Napoleon’s tomb doesn’t take much time to see, but the Musée de L’Armée does- if you want to do any sort of justice to it. Probably the largest and most impressive military museum in the world, it spreads out over two floors of des Invalides. On the ground floor is a gigantic collection of weaponry- dating from prehistoric arrowheads to swords, muskets, shields, armour, ensigns, uniforms, helmets, etc from across time and space- Mughal India, Turkey, Japan, Europe and elsewhere. There’s a massive medieval arsenal too, and in the central courtyards, cannons stand, with shells and cannonballs too.

On the first floor are pieces from World War I- paintings, photographs, uniforms, guns (including the famous Vickers gun), gas masks, and replicas of the vehicles used. Other displays include epaulettes, decorations and maps (including the original map used by Foch and Weynard in the French campaign- it’s been stitched and repaired across the middle). There’s also part of the fuselage of a Zeppelin; a bit of shrapnel; tiny tokens- crucifixes, daggers, etc made by soldiers at the front, most of them crafted from shell and other handy material.

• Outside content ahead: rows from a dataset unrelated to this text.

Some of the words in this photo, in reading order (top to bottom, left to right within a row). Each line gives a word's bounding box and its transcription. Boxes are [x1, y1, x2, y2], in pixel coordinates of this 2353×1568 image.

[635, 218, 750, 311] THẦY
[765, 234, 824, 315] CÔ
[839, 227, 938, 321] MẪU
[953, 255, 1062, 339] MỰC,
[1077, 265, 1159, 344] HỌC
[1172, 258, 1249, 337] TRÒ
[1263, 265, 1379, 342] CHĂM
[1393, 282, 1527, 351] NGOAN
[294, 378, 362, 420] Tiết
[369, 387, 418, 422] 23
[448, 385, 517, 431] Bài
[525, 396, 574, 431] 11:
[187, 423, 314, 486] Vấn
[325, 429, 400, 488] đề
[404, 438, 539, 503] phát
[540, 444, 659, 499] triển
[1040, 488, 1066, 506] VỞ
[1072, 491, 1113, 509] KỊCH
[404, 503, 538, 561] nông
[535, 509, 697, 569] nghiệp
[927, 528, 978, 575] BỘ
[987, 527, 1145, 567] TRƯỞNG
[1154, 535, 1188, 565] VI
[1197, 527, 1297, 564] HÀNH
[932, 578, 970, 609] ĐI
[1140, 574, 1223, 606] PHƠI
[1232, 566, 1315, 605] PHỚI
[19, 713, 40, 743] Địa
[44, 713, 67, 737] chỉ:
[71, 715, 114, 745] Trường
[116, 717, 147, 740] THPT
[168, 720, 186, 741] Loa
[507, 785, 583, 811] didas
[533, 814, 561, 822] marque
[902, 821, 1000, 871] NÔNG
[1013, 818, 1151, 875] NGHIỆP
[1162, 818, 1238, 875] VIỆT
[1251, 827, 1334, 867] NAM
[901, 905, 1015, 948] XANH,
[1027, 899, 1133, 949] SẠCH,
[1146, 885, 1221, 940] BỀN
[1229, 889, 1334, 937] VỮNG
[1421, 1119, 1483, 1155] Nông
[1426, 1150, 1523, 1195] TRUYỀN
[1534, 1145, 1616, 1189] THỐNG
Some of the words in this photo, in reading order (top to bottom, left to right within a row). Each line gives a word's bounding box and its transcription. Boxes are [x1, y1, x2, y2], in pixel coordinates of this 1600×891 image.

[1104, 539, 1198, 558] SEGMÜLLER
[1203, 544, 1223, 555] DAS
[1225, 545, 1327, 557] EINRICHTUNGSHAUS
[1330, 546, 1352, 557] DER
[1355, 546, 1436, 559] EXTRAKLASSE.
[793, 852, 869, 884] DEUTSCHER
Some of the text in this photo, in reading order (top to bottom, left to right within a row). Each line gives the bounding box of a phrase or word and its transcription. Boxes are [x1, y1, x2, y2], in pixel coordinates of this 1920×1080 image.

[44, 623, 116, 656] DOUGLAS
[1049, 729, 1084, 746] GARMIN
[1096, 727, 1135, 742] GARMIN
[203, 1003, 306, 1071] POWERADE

A lot of it really gave me gooseflesh.

Some items are of particular significance- the bugle used to blow the Armistice; the pens used to sign it; a muddy trench coat from Verdun; the original uniform worn by General Gallieni (who used taxis to take his troops to the front at the Battle of the Marne; these taxis, one of which stands at the entrance of the museum, later came to be known as Marne taxis).